Aus dem
Rheinischen Antiquarius - von Stramberg 1864
(S 797 ff)
Angaben zum Haus Broich, zu
Weingarten, zur Capelle zu Billig und Rhederer Funde
Der Erft näher, an dem von Antweiler herunterkommenden Wässerlein liegt das Haus Broich,
ein weiland zum Cölnischen Landtag qualificirter Rittersitz, der bereits im J. 1669 al der Jesuiten Eigenthum vorkomme und ihnen ein Tusculanum wurde. Nach Aufhebung des Ordens zog der Kurfürst von der Pfalz das Gut als Domaine ein. Die französische Regierung verkaufte dasselbe als Nationaleigenthum für 10.300 Franken (2740 Rthlr.) an den General von Ritz zu Wachendorf.
Weingarten
hart an der Erft, zeigt noch
bedeutende Spuren der römischen Wasserleitung. Bei Umlegung der
von Münstereifel nach Roitzheim und Euskirchen führenden
Straße, 1839, ist man auf die Fundamente und Bodenreste
großartiger Gebäude aus der Römerzeit gestoßen,
deren Fortsetzung man im October 1851 im Thal südlich von
Weingarten angetroffen hat. Bei der ersten Entdeckung sind nebst
einem Mosaikboden Heizkeller und Münzen aufgefunden worden. An
der Westseite des Dorfes tritt der Römercanal zu Tage, und
zweifelsohn ist auch ebenda der Weinbau versucht worden, von welchem
der Ort seinen schönen Namen ererbt hat. In älterer Zeit
ist der Name Kreuzweingarten viel gebraucht worden, von der Lage der
Kirche im Abhang des Bergs, als einer Erinnerung an den Berg des
Kreuzes. Diese Kirche sowie die Capelle zu Billig standen schon im
13. Jahrhundert unter dem Stift zu Münstereifel, wie aus dem
Indult des Erzbischofts Heinrichs von 1247 erhellet. Auch hatten die
Stiftsherren einigermaßen die Civilherrschaft in Weingarten,
betheiligten sich deswegen am Dingstuhl zu Arloff und brachten den
Scheffen in Vorschlag. Weingarten, dessen Pfarrkirche s.t.

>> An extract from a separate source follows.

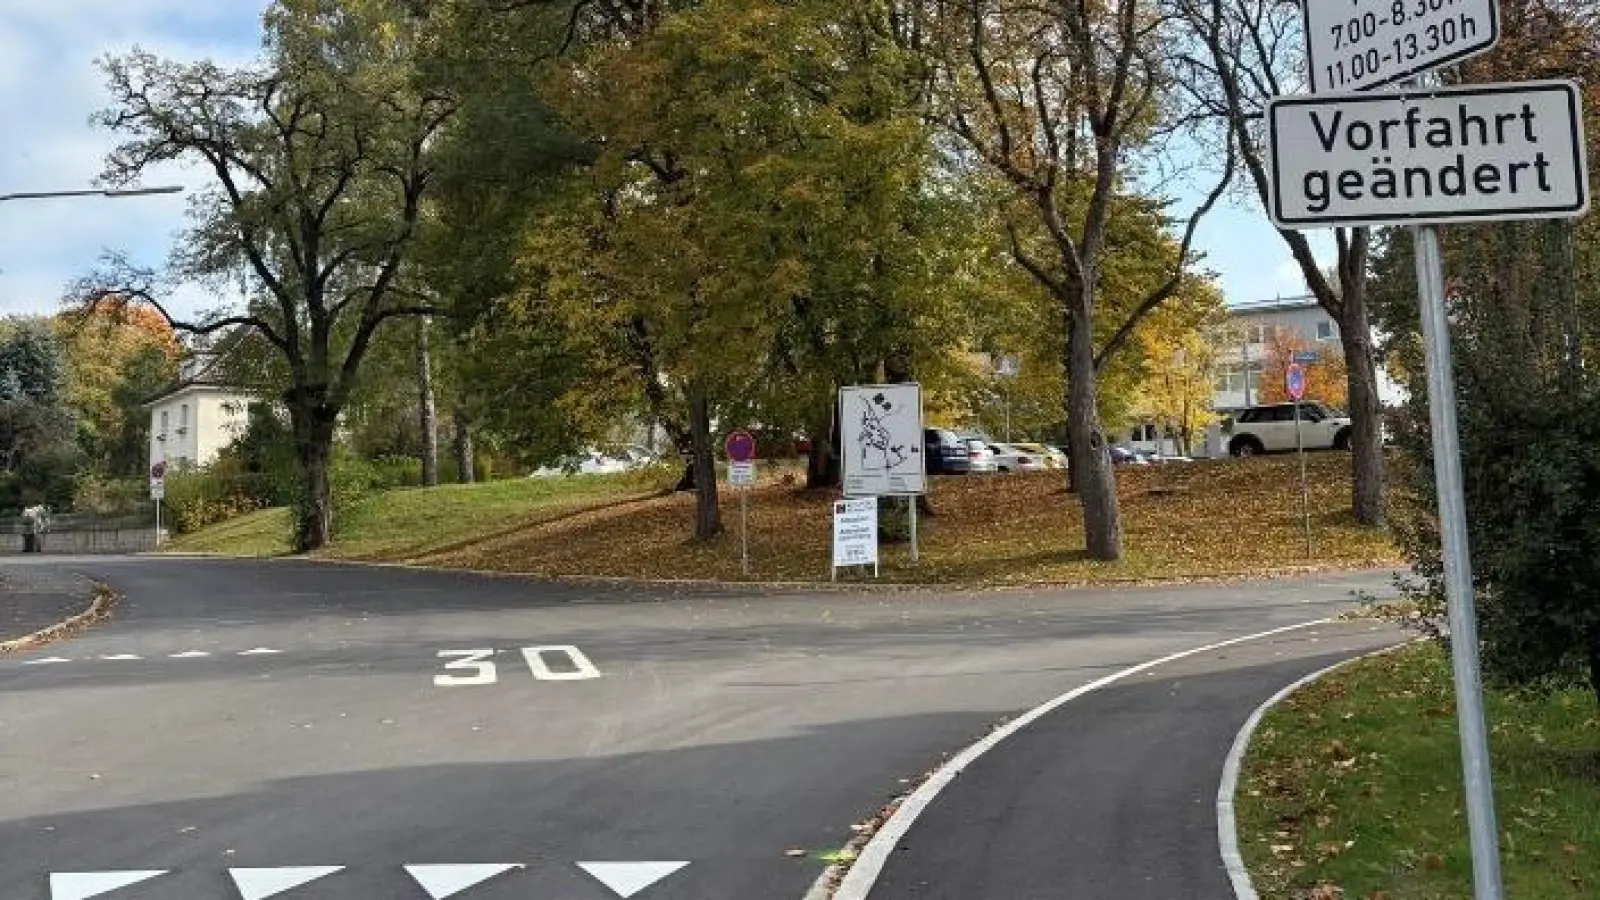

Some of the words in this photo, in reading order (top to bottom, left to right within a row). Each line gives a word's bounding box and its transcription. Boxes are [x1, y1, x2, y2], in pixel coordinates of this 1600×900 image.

[1331, 0, 1463, 50] 7.00-8.3
[1309, 104, 1537, 152] Vorfahrt
[1303, 153, 1551, 213] geändert
[434, 645, 601, 686] 30

Kreuzerfindung, bildet mit Kalkar, Billig, Rheder ein Kirchspiel, das
677 Insassen zählt. Die vereinigte Gemarkung besagter
Ortschaften wurde im J. 1817 zu 444 Morgen Ackerland, 100 M. Wiesen
und 128 M. Waldungen angegeben. Von letzern gehörten 68 M., der
Pfaffenharth genannt und von dem Stift zu Münstereifel
herrührend, den Domainen, 68 M. aber den beiden Ortschaften. Das
Stift zu Münstereifel besaß den Capitelshof zu Weingarten,
welcher von der französischen Regierung für 45.000 Franken
[Anm. 8.000?] verkauft und später parcellirt wurde. Den Pfarrer
ernannte das Stift Münstereifel. Wingarden canonici
Monasterienses tenent ab ecclesia. Sunt in Wingarden mansus 10.

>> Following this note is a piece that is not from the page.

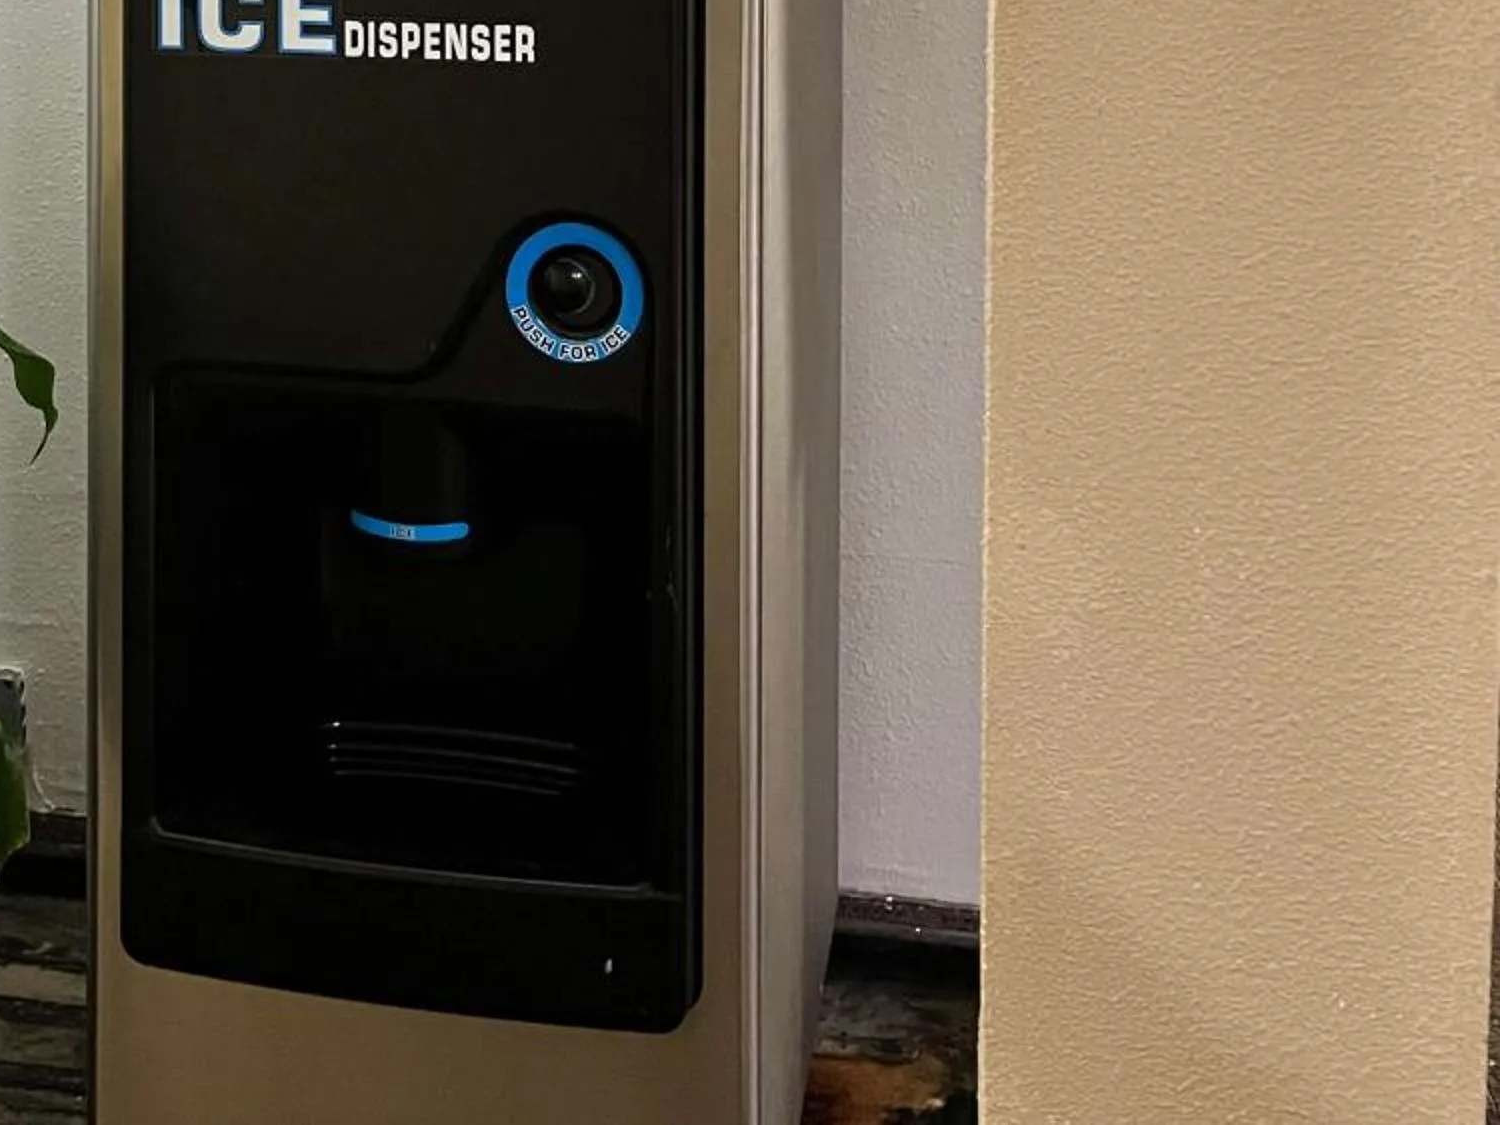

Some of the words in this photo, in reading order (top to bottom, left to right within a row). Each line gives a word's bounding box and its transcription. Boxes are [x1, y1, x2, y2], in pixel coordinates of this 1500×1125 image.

[344, 20, 536, 63] DISPENSER
[512, 307, 556, 354] PUSH
[559, 343, 598, 361] FOR
[601, 326, 629, 353] ICE

Solvit unusquisque in censu et in omni servitio, ut caeteri de
Evernesheim. Est ibi vinea ad carradas 9, prata ad carradas 6, sylva
ad porcos 20, molendina duo. Also Cäsarius.
Zu Rheder
hat der Kirchenrendant Straßer
im Jahr 1838 auf seinem Acker, nordwestlich vom Dorf auf der etwas
erhabenen Stelle, wo die Landstraße sich von Nordwest nach Nord
umbiegt, ein Grab entdeckt, worin zwei Gerippe, das eine mit dem
Schädel zu des anderen Füßen, lagen. Das Grab war aus
röthlichem Sandstein zusammengesetzt und mit solchem zugelegt.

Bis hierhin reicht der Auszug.